In spite of the strict state safety regulations associated with construction work, it remains one of the most dangerous professions, with falls representing the most common type of accident experienced by workers. Since high elevations often play a role in these falls, the results can be disastrous to workers who sustain serious injuries, disabilities and fatalities.

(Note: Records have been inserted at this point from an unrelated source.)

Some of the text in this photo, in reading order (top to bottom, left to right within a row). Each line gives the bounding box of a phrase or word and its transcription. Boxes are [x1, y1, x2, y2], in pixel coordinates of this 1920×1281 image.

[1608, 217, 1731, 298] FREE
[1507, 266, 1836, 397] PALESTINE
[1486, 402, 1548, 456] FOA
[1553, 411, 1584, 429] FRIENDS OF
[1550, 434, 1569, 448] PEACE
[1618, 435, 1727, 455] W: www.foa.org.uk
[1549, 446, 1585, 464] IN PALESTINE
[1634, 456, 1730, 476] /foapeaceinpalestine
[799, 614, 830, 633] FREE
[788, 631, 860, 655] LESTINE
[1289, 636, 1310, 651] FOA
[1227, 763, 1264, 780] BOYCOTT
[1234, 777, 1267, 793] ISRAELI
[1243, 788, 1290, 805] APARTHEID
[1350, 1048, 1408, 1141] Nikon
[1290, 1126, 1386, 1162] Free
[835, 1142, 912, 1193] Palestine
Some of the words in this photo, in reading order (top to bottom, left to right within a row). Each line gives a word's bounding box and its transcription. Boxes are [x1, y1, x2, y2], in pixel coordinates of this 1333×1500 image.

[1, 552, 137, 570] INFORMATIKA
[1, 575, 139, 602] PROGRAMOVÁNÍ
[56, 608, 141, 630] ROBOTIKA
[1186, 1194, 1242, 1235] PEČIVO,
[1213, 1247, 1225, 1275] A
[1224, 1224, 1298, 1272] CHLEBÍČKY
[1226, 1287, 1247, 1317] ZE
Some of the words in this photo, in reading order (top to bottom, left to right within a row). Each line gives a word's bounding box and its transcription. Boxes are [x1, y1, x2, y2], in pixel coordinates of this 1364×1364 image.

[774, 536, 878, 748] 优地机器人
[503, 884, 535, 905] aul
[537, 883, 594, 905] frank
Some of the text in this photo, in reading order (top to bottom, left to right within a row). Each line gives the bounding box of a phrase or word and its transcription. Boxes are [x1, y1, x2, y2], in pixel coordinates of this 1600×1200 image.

About 5,711,000 individuals were employed as construction workers in the U.S. at the end of 2011. Of this number, 781 workers suffered fatalities in work-related incidents, but nearly four workers per 100 sustained on-the-job injuries, resulting in days away from work, job restrictions or transfers, according to the Bureau of Labor Statistics. A significant number of injuries are caused by the use of power tools and large equipment. However, the majority of construction accidents pertain to falls caused by unsafe conditions, such as:
- Slick surfaces that cause workers to slip and fall
- Stairwells lacking railings
- Improperly used stepladders
- Working on roofs without appropriate fall protection
- Scaffolding that does not meet state safety regulations or is improperly used
Any number of parties — including workers — can be ultimately responsible for these and other construction site accidents. However, most injured workers can turn to workers’ compensation to pursue funds to cover medical expenses and other longer-term costs associated with their injuries. Additionally, some workers can file personal injury claims against any responsible parties not associated with their employer. For example, if a worker falls due to the collapse of defective scaffolding, the manufacturer may be liable for the accident.
With many potential factors affecting a construction site accident, injured workers should seek knowledgeable advice from an experienced Oklahoma workers’ compensation attorney at Stipe Law Firm who also understands personal injury law. The right guidance can make a notable difference in ensuring you receive the compensation you deserve. Contact us today.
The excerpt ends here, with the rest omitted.